═══ Records for this task
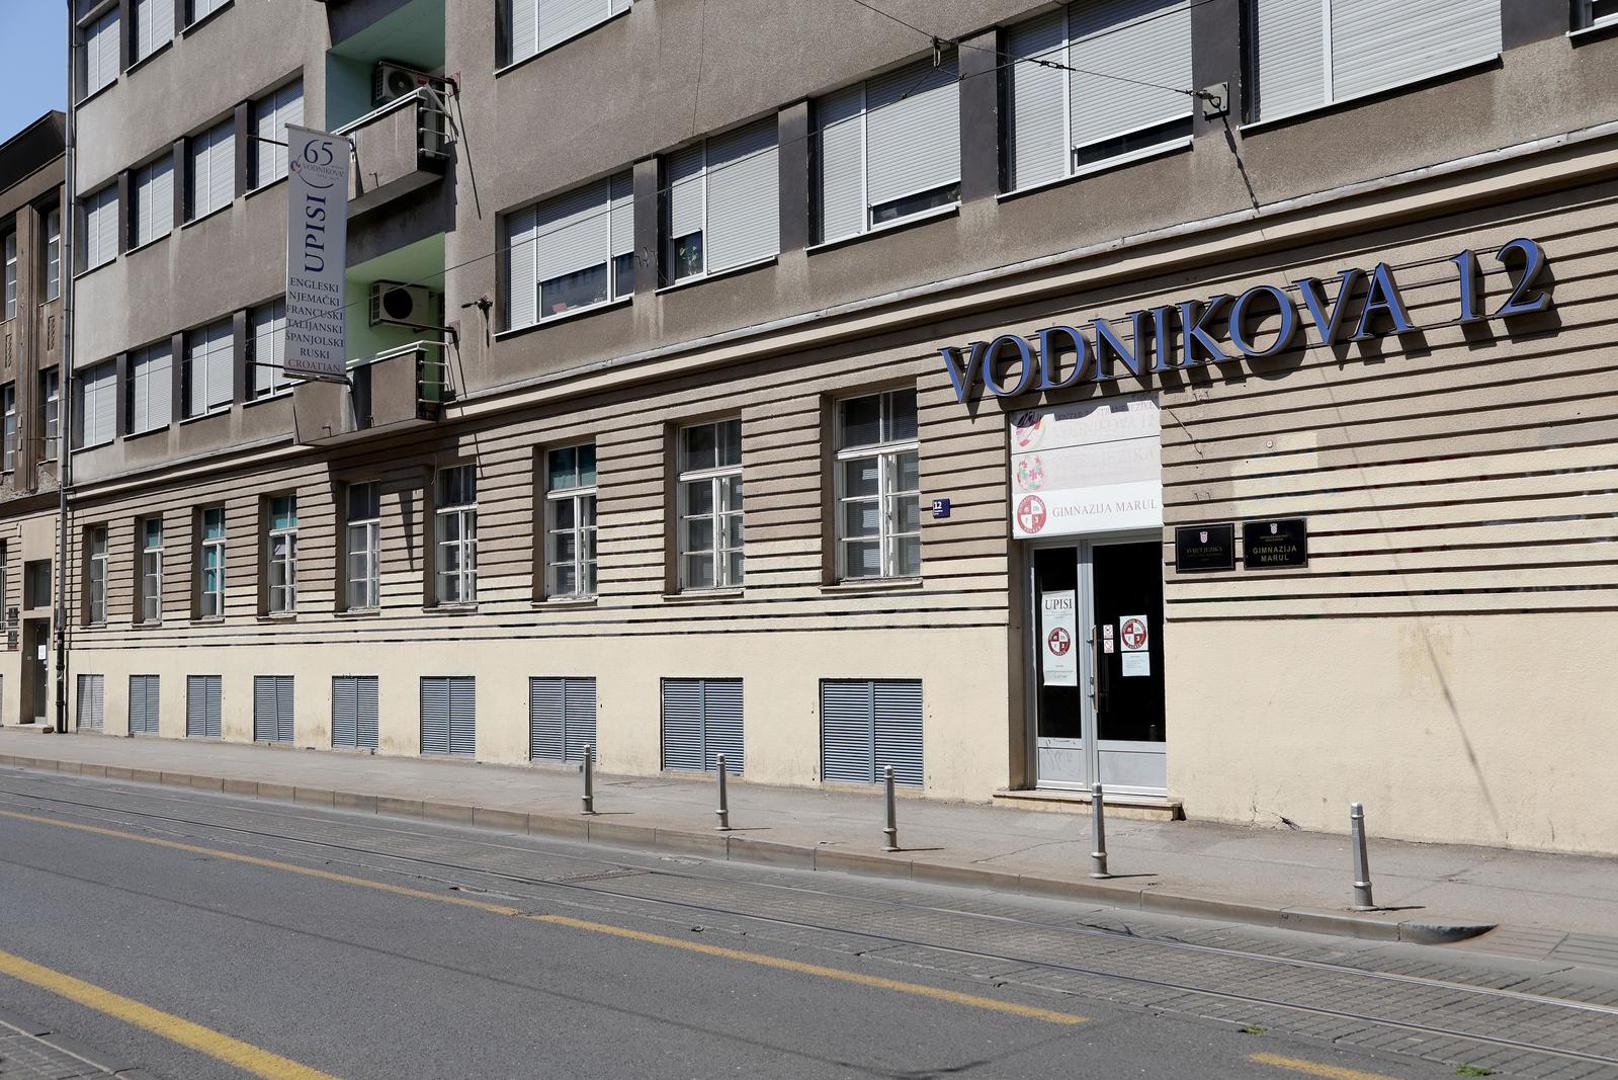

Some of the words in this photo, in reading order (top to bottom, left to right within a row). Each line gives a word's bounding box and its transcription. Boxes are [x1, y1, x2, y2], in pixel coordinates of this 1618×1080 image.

[304, 139, 333, 166] 65
[305, 194, 326, 273] UPISI
[290, 277, 339, 293] ENGLESKI
[289, 290, 340, 306] NJEMAČKI
[286, 304, 343, 320] FRANCUSKI
[286, 318, 342, 334] TALIJANSKI
[938, 261, 1420, 405] VODNIKOVA
[1450, 237, 1553, 325] 12
[285, 331, 344, 347] ŠPANJOLSKI
[299, 347, 330, 359] RUSKI
[288, 359, 341, 373] CROATIAN
[934, 501, 942, 509] 12
[1052, 502, 1112, 518] GIMNAZIJA
[1115, 499, 1159, 512] MARUL
[1252, 545, 1297, 555] GIMNAZIJA
[1260, 554, 1290, 563] MARUL
[1044, 598, 1073, 611] UPISI
══════
### Problem to solve
Pictures are to be left out, while the records are copied word for word.

### Response
Some of the words in this photo, in reading order (top to bottom, left to right within a row). Each line gives a word's bounding box and its transcription. Boxes are [x1, y1, x2, y2], in pixel coordinates of this 1618×1080 image.

[304, 139, 333, 166] 65
[305, 194, 326, 273] UPISI
[290, 277, 339, 293] ENGLESKI
[289, 290, 340, 306] NJEMAČKI
[286, 304, 343, 320] FRANCUSKI
[286, 318, 342, 334] TALIJANSKI
[938, 261, 1420, 405] VODNIKOVA
[1450, 237, 1553, 325] 12
[285, 331, 344, 347] ŠPANJOLSKI
[299, 347, 330, 359] RUSKI
[288, 359, 341, 373] CROATIAN
[934, 501, 942, 509] 12
[1052, 502, 1112, 518] GIMNAZIJA
[1115, 499, 1159, 512] MARUL
[1252, 545, 1297, 555] GIMNAZIJA
[1260, 554, 1290, 563] MARUL
[1044, 598, 1073, 611] UPISI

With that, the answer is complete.